--- RAW DATA Enclosed Below ---
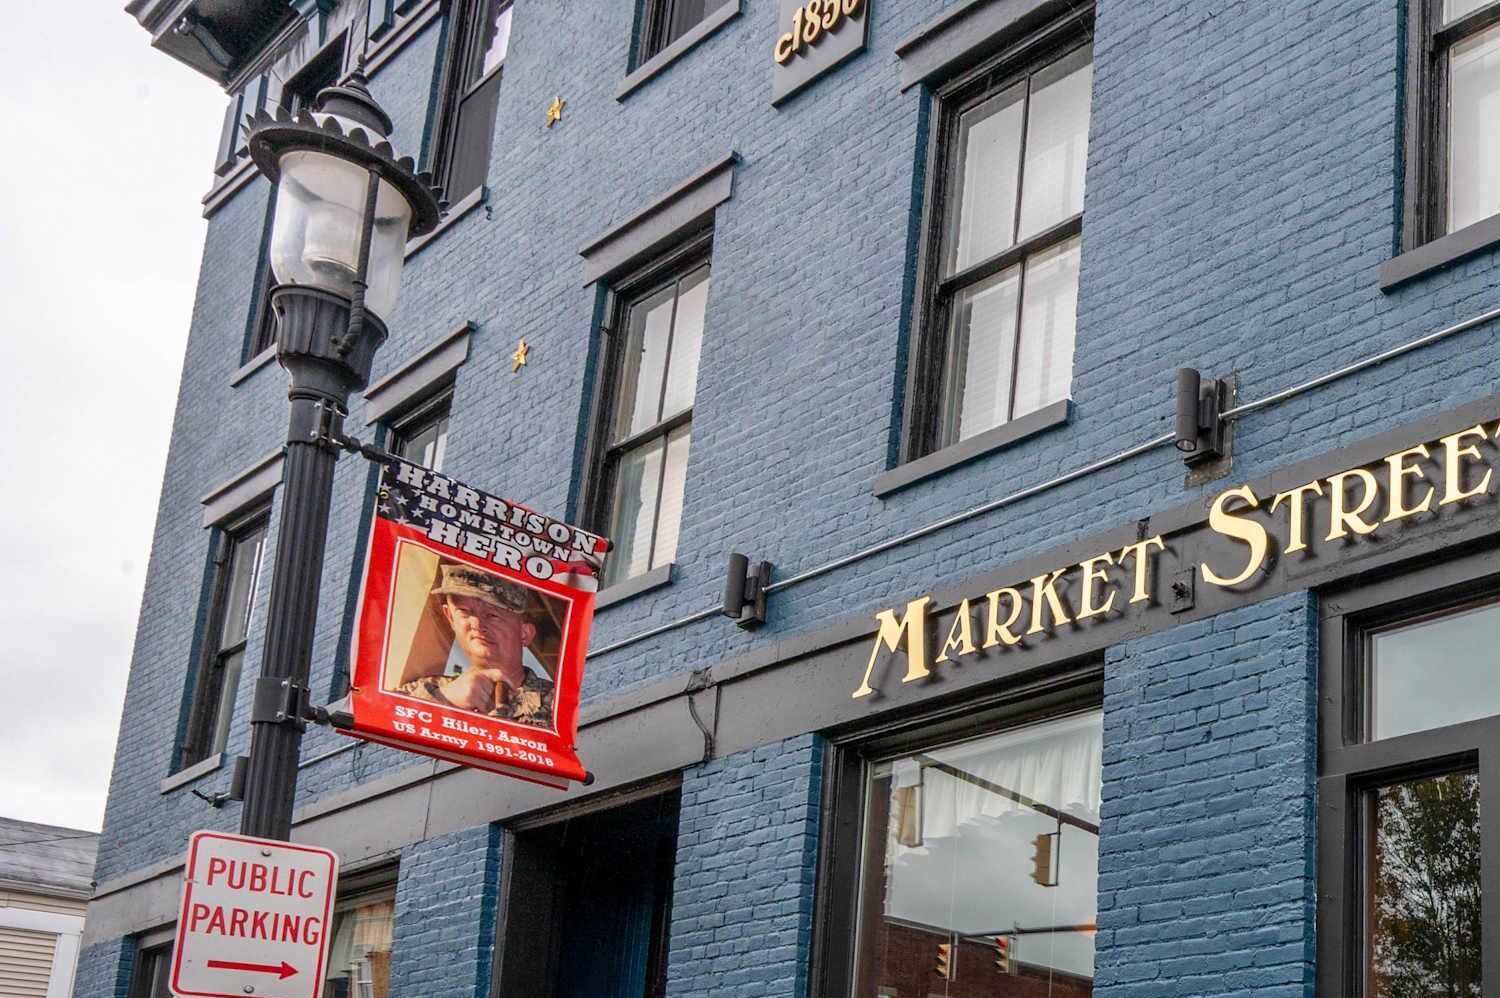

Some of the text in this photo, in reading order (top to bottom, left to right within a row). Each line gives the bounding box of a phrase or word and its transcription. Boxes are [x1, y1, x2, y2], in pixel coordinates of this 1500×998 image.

[397, 462, 599, 555] HARRISON
[419, 494, 572, 562] HOMETOWN
[426, 517, 554, 580] HERO
[852, 535, 1164, 699] MARKET
[392, 720, 416, 734] US
[420, 726, 469, 748] Army
[395, 705, 548, 752] SFC Hiler, Aaron
[207, 856, 315, 898] PUBLIC
[189, 903, 321, 945] PARKING
--- End of Enclosed RAW DATA ---
* _TASK TO CARRY OUT_
Set down each entry above exactly as it appears. Omit the pictures.

* _TASK OUTPUT_
Some of the text in this photo, in reading order (top to bottom, left to right within a row). Each line gives the bounding box of a phrase or word and its transcription. Boxes are [x1, y1, x2, y2], in pixel coordinates of this 1500×998 image.

[397, 462, 599, 555] HARRISON
[419, 494, 572, 562] HOMETOWN
[426, 517, 554, 580] HERO
[852, 535, 1164, 699] MARKET
[392, 720, 416, 734] US
[420, 726, 469, 748] Army
[395, 705, 548, 752] SFC Hiler, Aaron
[207, 856, 315, 898] PUBLIC
[189, 903, 321, 945] PARKING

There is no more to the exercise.